Selling your business: why good exits are built long before the deal
When Roger Bannister broke the four-minute mile in May 1954, he didn’t just turn up at the track on a whim to see what happened.
Similarly, when Sabastian Sawe in April 2026 became the first person to run an official sub-two-hour marathon, it wasn’t his first crack at distance running.
In both cases, success was built well before race day. Long hours of training, preparation, nutrition planning, expert advice, support and coaching. Bannister’s and Sawe’s respective efforts were the culmination of weeks, months and years of laying the right foundations.
Few business owners ‘just’ decide one day to sell their business. And if they do, the actual sale doesn’t happen overnight any more than a four-minute mile does.
In reality, the decision is usually driven by a mix of personal timing, market conditions, and the occasional curveball that forces a decision. Just like every business is unique, so too is every exit and the path towards a successful outcome.
Why owners decide to sell their business
Age and succession
Many owners reach a stage where they want to step back, but don’t have a clear successor in place. If age is a factor, there can be a desire to get things done as quickly as possible. If there’s no next generation ready to take the reins, selling becomes the logical route.
Timing
Markets don’t stand still, and neither do valuations. A strong trading period, a buoyant (or sluggish) sector, or increased buyer appetite can quickly shift expectations. For some, it’s about spotting the window and acting before it closes. For others, it’s the arrival of an unsolicited offer that changes the picture overnight. An approach out of the blue can crystallise value in a way that’s hard to ignore, even for owners who weren’t actively thinking about an exit.
Emotion
It may sound counter-intuitive, and not something that advisers generally talk about, but finances are often only part of the story. What tends to carry more weight than people expect are the personal and emotional drivers.
Running a business for years, often decades, builds a deep connection. It becomes part of someone’s identity. That creates a tension at the point of exit.
While there’s an opportunity to realise the value that’s been built, there’s also the question of what happens to the business, its staff and customers under new ownership.
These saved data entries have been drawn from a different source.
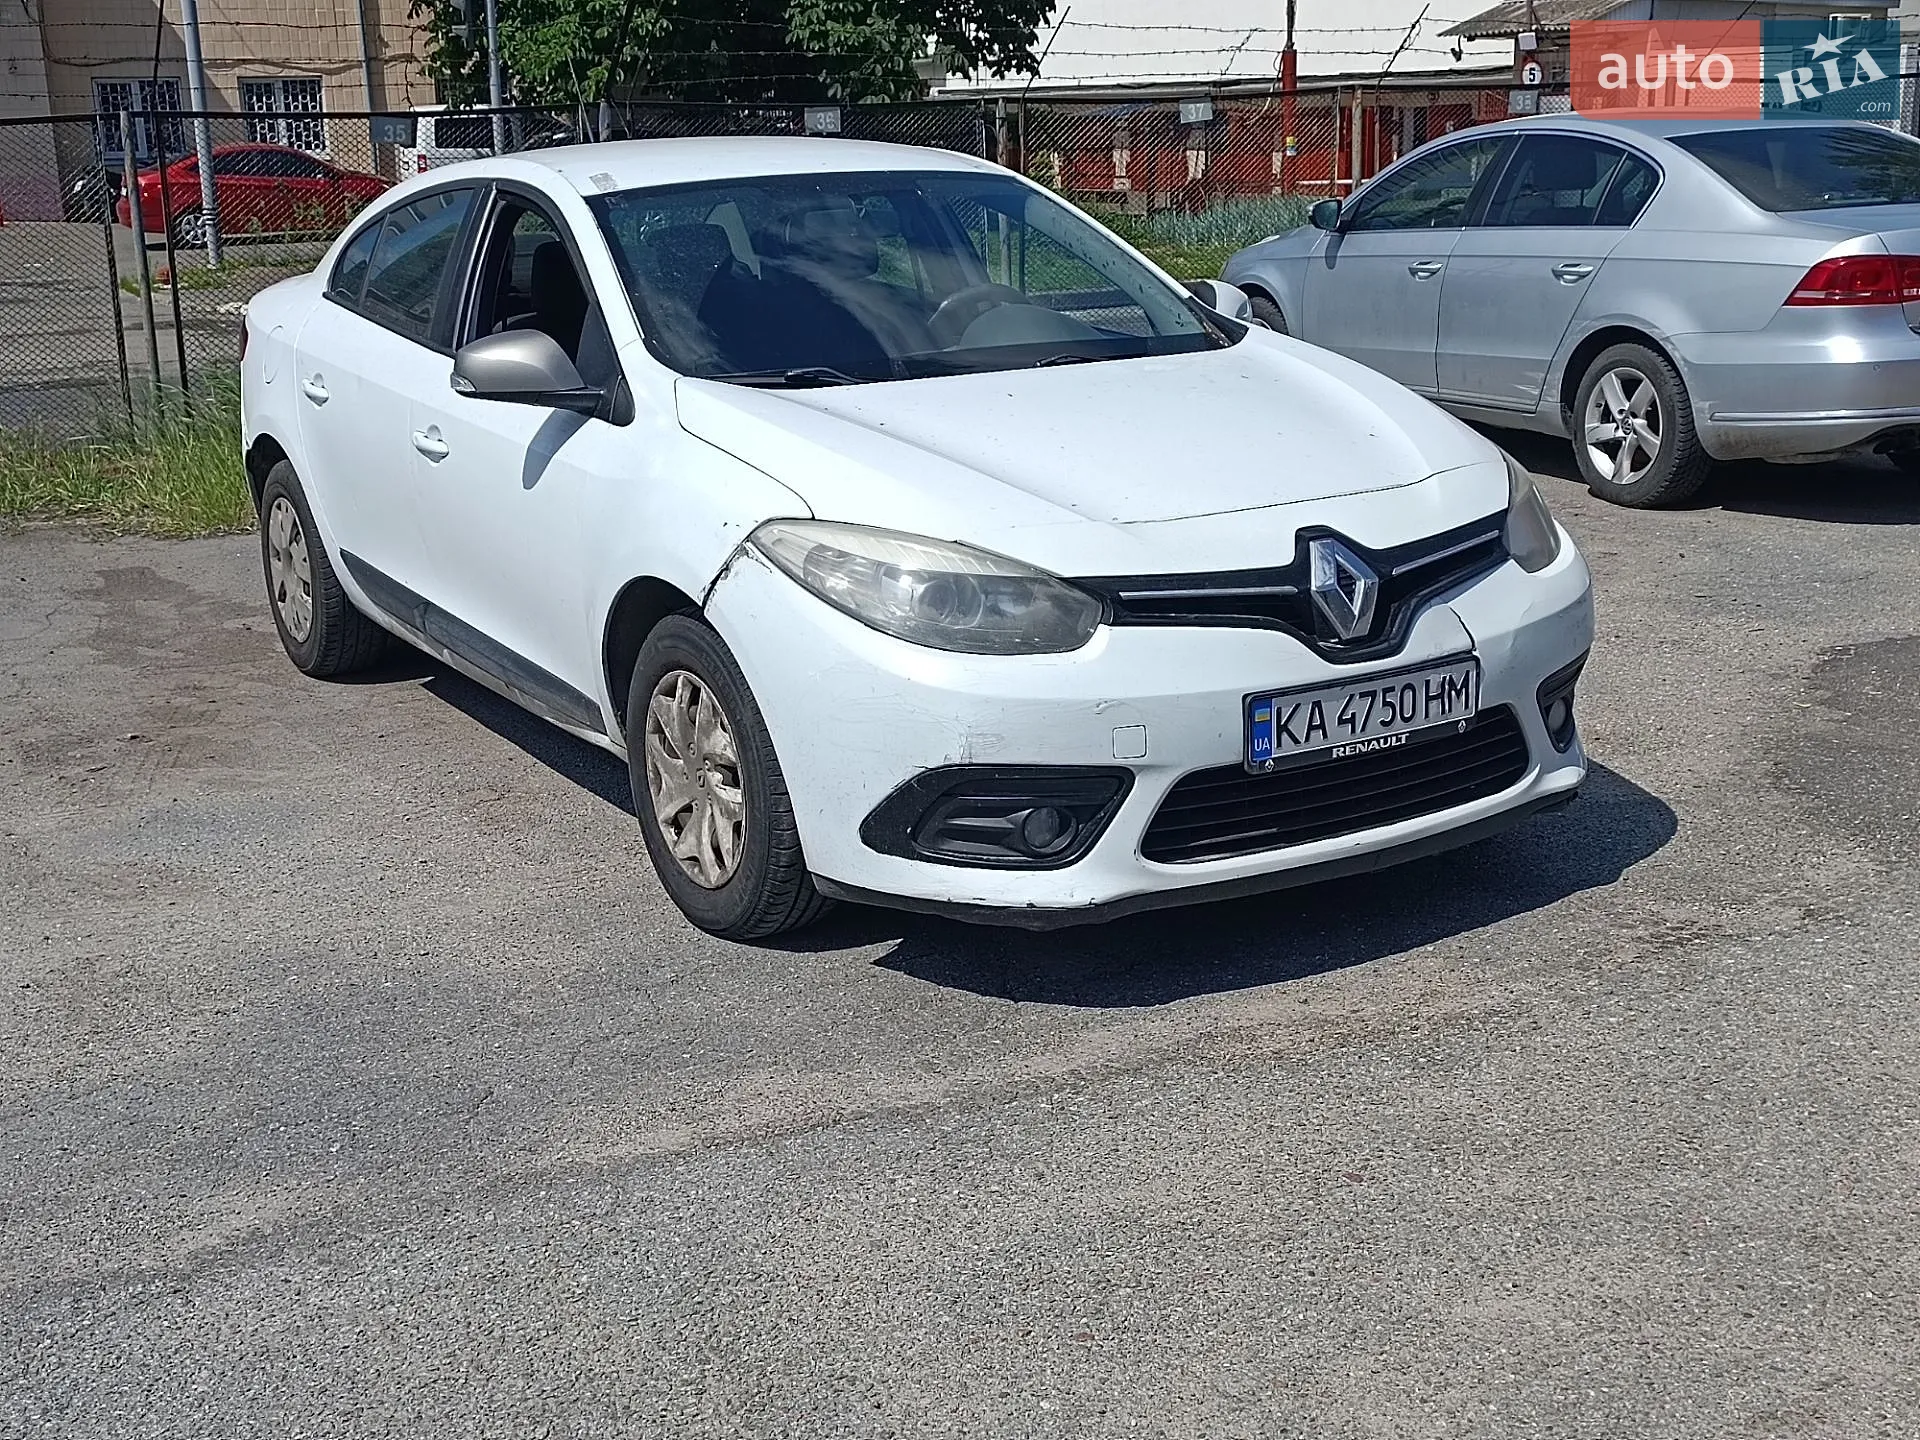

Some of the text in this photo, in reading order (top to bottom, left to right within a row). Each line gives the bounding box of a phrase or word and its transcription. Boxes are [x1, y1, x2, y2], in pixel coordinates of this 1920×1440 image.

[1528, 67, 1536, 82] 5
[1188, 103, 1204, 119] 37
[383, 124, 406, 142] 35
[1275, 669, 1472, 748] KA 4750 HM
[1254, 737, 1271, 751] UA
[1331, 733, 1410, 759] RENAULT
That’s where cultural fit becomes critical. The best outcomes tend to follow alignment between seller and buyer beyond the numbers. If the acquiring party understands the business – how it operates, what it stands for, and the established culture – the transition is smoother. We’ve seen owners accept a lower price to feel more comfortable with what’s likely to happen in the business once they leave.
Plan for a sale from day one (even if you never sell)
Regardless of the ‘why’ behind the deal, there’s frequently a common factor: how often business owners underestimate the level of preparation required.
Many owners only start thinking seriously about an exit once the decision has effectively been made. That approach can limit options and, in some cases, value. By contrast, those who plan ahead put themselves in a much stronger position.
The strongest businesses are run as if they could be sold at any point – even if that’s not currently on your radar – whatever happens you create a stronger, higher-performing organisation.
Then once a sale is on the agenda, there’s less heavy lifting to do. Private equity houses are very alive to this, and treat an exit as a process that starts the day they invest. Most owner-managed businesses treat it as a final step.
That preparation isn’t just about the numbers. Of course, financial performance matters, but buyers will look well beyond that. They want to see a business that can stand up to scrutiny around its systems, processes, and documentation. In simple terms, the business needs to be ready for someone else to pick it up and run with it.
Where things often go wrong is when owners focus too heavily on one dimension, usually financials, and overlook the rest. Market positioning, leadership capability, operational resilience – these all feed into how a buyer assesses risk and, ultimately, value.
Take the long-term view when selling your business
There’s also a practical reality to timing. Getting from where you are today to being genuinely ready for sale doesn’t happen overnight. In many cases, it’s a multi-year process. That can be a sobering thought for many owners who assume that their business, with a healthy track record of growth and profitability, is all but ready to sell.
The most successful exits tend to have two things in common. First, clarity around why the exit is happening and what the owner wants from it. Second, the right preparation. Financially, yes, but a more rounded view across the whole business is just as important.
The value of a business is built over years. But creating a business that’s ready for sale is almost another skill entirely. Like marathon training, it requires the regular hard yards when it’s easier to focus on something else. In the end, the outcome at the finish line is always better with the right preparation.